Appreciation for the so-called “broken consort” is a quickly acquired taste. Music for the mixed ensemble that served Elizabethan and Jacobean England as theater orchestra and dance band is a varied, expressive and generally outgoing lot.
At least that was the case Saturday evening at Ambassador Auditorium, when the Julian Bream Consort gave the first of two different, unhackneyed programs, drawn in large measure from the group’s recently released “Fantasies, Ayres and Dances” recording.
It was only in the final numbers, however, that the performances by the full ensemble really moved to a plane beyond genial or earnest competence. In Dowland’s “Can She Excuse?” Galliard, and Morley’s “Join Hands” (the lone encore), tenor Robert Tear joined Bream and Co.--Nancy Hadden, flute; Catherine Mackintosh, treble viol; Jane Ryan, bass viol; James Tyler, cittern; Robert Spencer, pandora--in robust, stylish and equably arranged performances.
Otherwise, Bream monopolized musical attention in consort pieces by Byrd, Nicholas Strogers, Daniel Bachelar and Richard Allison with flashy divisions on the lute. The other players often seemed to provide simply static background for Bream’s elaborations.
Though Bream was certainly an important figure in popularizing the lute and its music, he was never at the front of the authenticity parade, and he still plays the lute as though it were a guitar. He has gathered an able, authoritative supporting cast, however, and they all received chances to shine.

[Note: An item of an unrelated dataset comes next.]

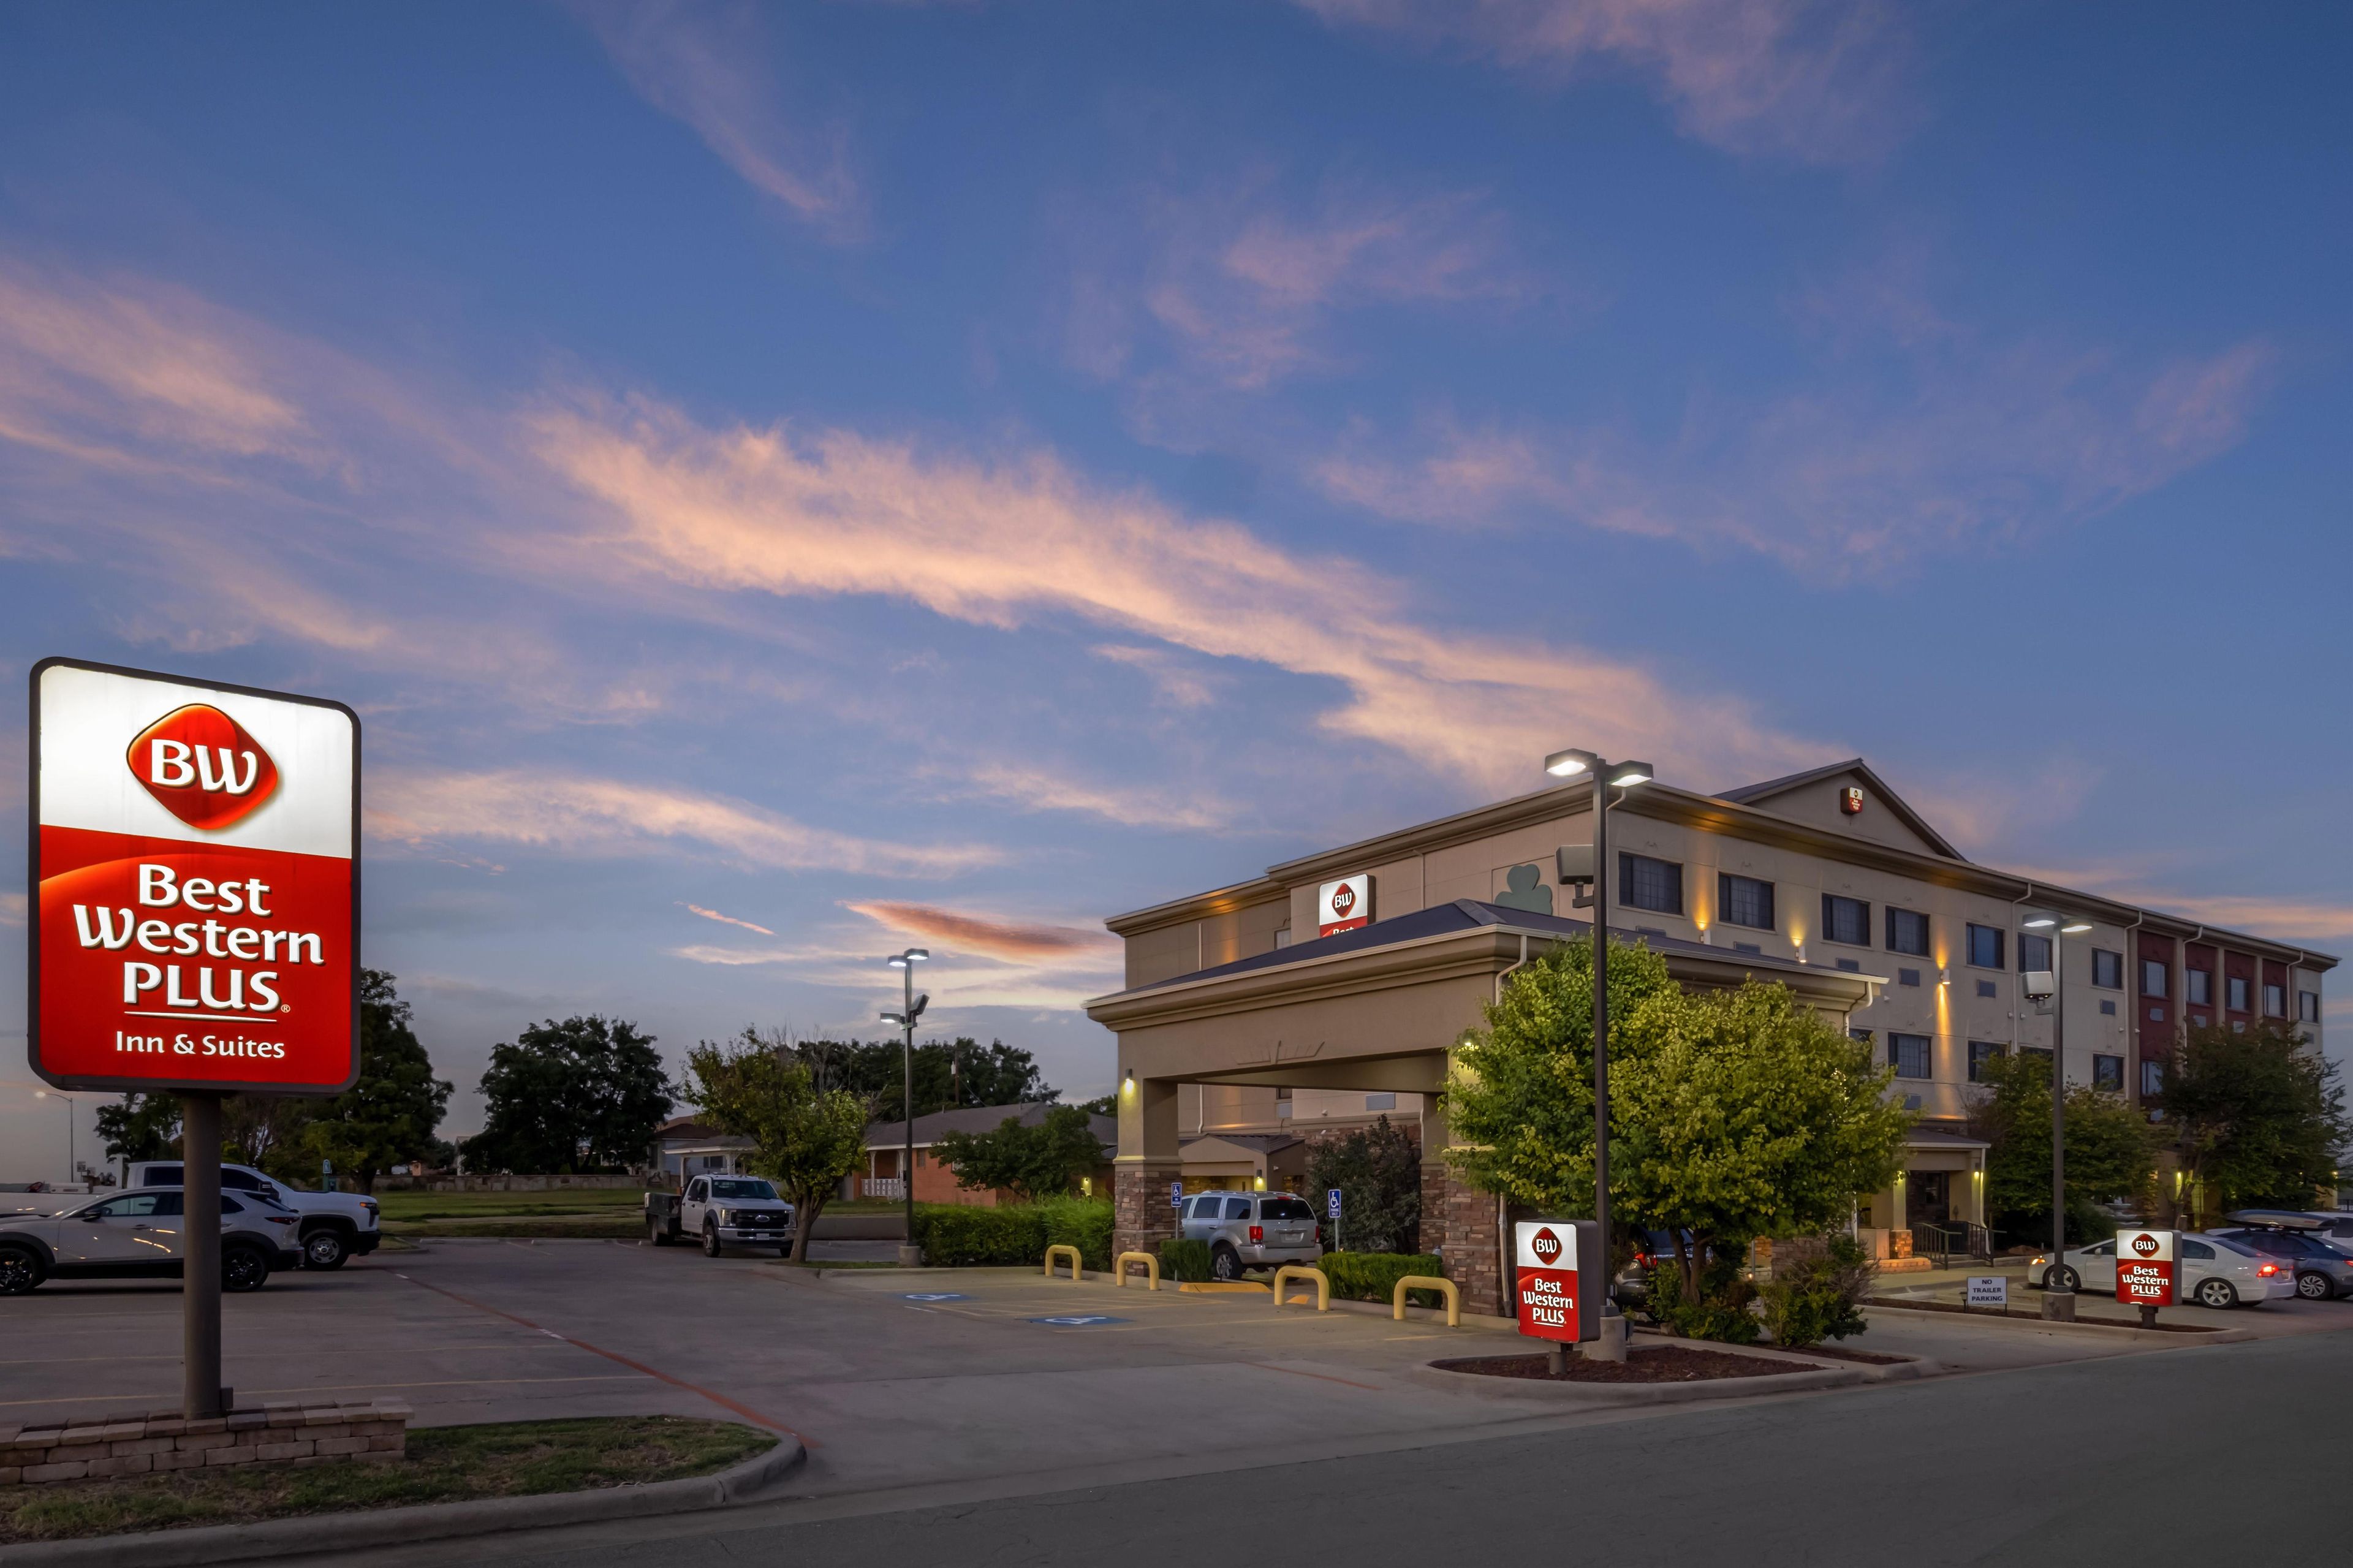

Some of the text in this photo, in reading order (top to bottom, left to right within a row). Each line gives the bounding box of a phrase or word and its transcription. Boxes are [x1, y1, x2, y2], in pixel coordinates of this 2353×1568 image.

Tyler had two solos by Anthony Holborne and an anonymous dance tune in which to display his quiet skill on the cittern--a long-necked, wire-strung instrument played with a plectrum. He also took up the tenor viol in an elegant, eloquent Fantasy by Byrd, in supple partnership with Mackintosh and Ryan. The three found an anonymous set of variations rougher going.
Jacob van Eyck’s truly virtuoso setting for solo flute of Dowland’s song “Come Again” gave Hadden her moment of glory, and breathtaking--almost literally--it was. She also took the lead in Richard Nicholson’s vigorous “Jew’s Dance.”
Tear, a guest with the consort, brought a clear, attractive voice and affectionate textual point to three Dowland songs, accompanied by Bream at his most pressing. Bream offered a Dowland Fancy as his solo turn, and joined Spencer in polite, straightforward accounts of two Dowland lute duets.
“Lasso Vita Mia,” one of Dowland’s probing adaptations of early Italian Baroque styles and techniques, found Tear in fervent, clarion voice, accompanied by both Bream and the two violists. Again, though, the performance went largely unembellished.
The large Ambassador audience listened intently, with nary a cough to disturb even the very soft cittern solos. Appreciative, though by no means insistent, applause brought the consort out for the Morley encore.